> YOUR OBJECTIVE
Begin at the line containing "this 1585×1023 image." and end at the final line of the entries. Please reproduce those lines exactly.

Referring expression grounding data
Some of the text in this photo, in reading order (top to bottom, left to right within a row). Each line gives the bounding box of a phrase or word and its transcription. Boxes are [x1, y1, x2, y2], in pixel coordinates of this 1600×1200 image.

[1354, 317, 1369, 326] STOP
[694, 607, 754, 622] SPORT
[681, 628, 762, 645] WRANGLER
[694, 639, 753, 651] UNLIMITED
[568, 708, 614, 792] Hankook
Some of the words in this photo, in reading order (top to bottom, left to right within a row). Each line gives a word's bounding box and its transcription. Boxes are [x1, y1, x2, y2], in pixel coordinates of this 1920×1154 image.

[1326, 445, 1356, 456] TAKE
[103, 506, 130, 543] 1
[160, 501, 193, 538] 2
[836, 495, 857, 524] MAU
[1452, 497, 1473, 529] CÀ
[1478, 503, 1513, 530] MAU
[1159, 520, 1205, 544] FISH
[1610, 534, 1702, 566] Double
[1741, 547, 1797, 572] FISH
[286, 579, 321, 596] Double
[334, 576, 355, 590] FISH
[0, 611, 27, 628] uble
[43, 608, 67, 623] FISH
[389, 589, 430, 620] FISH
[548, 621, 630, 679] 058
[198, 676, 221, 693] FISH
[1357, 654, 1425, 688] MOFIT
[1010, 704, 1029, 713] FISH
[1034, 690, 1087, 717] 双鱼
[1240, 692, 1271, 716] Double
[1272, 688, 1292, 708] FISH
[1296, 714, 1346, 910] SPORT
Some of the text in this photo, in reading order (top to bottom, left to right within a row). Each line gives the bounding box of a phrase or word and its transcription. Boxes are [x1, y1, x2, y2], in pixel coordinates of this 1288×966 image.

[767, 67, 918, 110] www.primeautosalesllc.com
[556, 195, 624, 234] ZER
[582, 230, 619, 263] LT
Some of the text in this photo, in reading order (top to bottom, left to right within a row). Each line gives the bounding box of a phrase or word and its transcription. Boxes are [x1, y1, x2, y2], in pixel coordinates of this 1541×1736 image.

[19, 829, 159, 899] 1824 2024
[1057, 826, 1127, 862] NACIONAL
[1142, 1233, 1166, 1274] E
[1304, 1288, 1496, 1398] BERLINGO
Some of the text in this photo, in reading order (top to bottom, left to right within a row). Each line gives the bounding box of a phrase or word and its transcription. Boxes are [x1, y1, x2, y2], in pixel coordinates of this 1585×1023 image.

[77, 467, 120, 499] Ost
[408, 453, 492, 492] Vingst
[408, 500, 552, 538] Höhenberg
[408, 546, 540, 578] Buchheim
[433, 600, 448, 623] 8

> EXERCISE OUTPUT
Some of the text in this photo, in reading order (top to bottom, left to right within a row). Each line gives the bounding box of a phrase or word and its transcription. Boxes are [x1, y1, x2, y2], in pixel coordinates of this 1585×1023 image.

[77, 467, 120, 499] Ost
[408, 453, 492, 492] Vingst
[408, 500, 552, 538] Höhenberg
[408, 546, 540, 578] Buchheim
[433, 600, 448, 623] 8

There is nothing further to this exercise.